Posts Tagged ‘how to start a fire’

Woods, fires, awesomeness. That’s my job, that’s what I do. I get paid to burn shit up, play with fire and play on heavy equipment. Beards are a staple in the wildland firefighting community. Here are some pictures of what we have been doing the last couple days.

If your job is this awesome or more awesomer, let me know. If you got a beard, let me know.





No Shave Never


The past week has been busy. This time of year is my busy time. With lighting fires and all. Good fires though, not bad fires. And I get paid, real money for this shit I tell ya. The beard has had an interesting few days. I noticed two days ago that the beard has gained some length. Which is awesome, because My beard does not look that long. Two main reasons are the reason for this. One, because my beard hair is curlier that a hogs tail. Two, I have alot of neck beard.

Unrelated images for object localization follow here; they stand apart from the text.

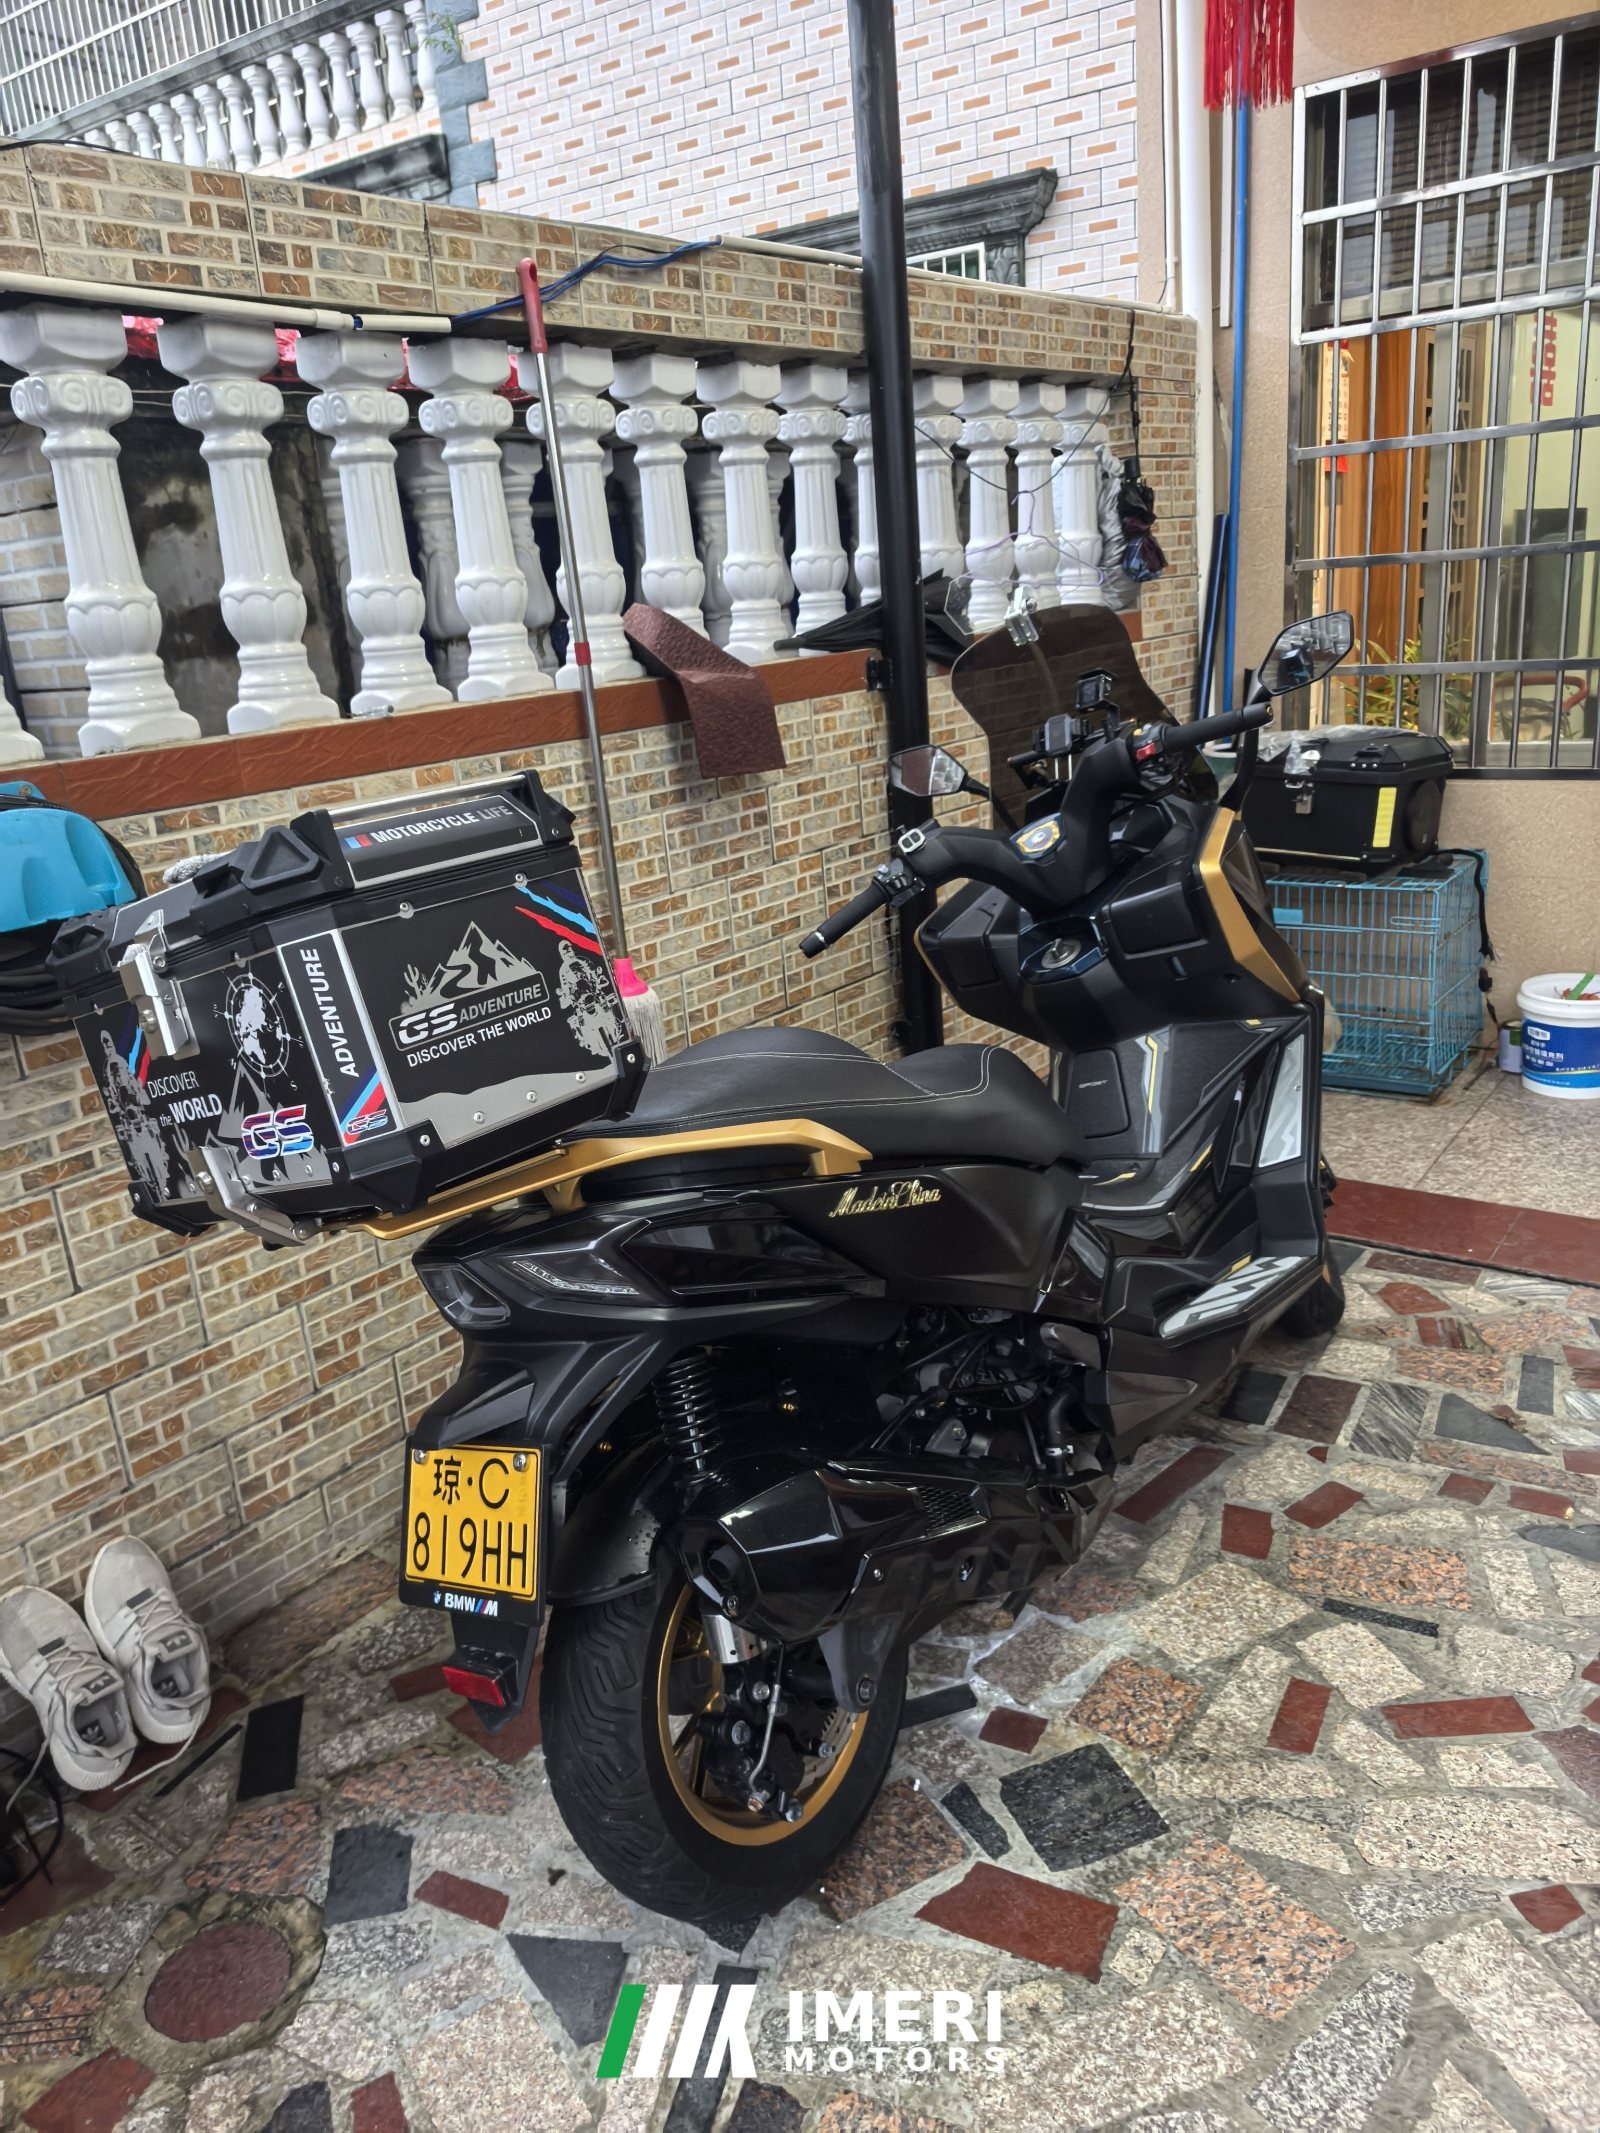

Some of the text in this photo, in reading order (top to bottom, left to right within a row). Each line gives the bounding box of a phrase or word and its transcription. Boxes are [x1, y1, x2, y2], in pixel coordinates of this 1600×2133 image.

[370, 805, 514, 843] MOTORCYCLE LIFE
[300, 948, 360, 1078] ADVENTURE
[398, 983, 543, 1045] GS ADVENTURE
[407, 1006, 552, 1068] DISCOVER THE WORLD
[147, 1070, 200, 1099] DISCOVER
[160, 1093, 223, 1127] the WORLD
[240, 1104, 314, 1161] GS
[346, 1108, 389, 1136] GS
[413, 1511, 528, 1589] 819HH

So the beard has been starting fires, in the woods, and getting paid. This means, most of the wonderfully awesome food morsels that take refuge in the beard during lunch, which are typically warm leftovers, are now cold. Lots of sandwiches inhabit the beard this time of year. Bread crumbs maneuver their way into the crevices of the hair jungle, making themselves just visible to the most keen of beard gazers.

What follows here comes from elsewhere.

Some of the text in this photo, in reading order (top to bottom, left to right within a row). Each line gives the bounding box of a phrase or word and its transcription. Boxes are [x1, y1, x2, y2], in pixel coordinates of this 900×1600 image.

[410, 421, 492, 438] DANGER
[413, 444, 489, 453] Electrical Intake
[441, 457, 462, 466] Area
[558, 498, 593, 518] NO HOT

Anyone with a beard knows what I mean. We typically have shit in our beards after eating. It is a right of passage, to finally have a beard worthy enough of keeping food. Some folks will tell you, some folks won’t. The ones who will alert you to, what they perceive as a socially unacceptable manner fail, are the beard gazers. The beard has magical powers. These gazers become enthralled in the magic, some knowingly, some unwittingly.

I have so much to talk about. But I am yet not busy enough to conglomerate the information into a formidable form of proper grammar connotations. But, alas! I am off on Friday and Saturday for a few months. Go!
This was our warming fire during lunch. There’s only a thousand acres of fire around us, it was cold ish, not for me but for two others.


No Shave Never!

Paul Heyyyooo!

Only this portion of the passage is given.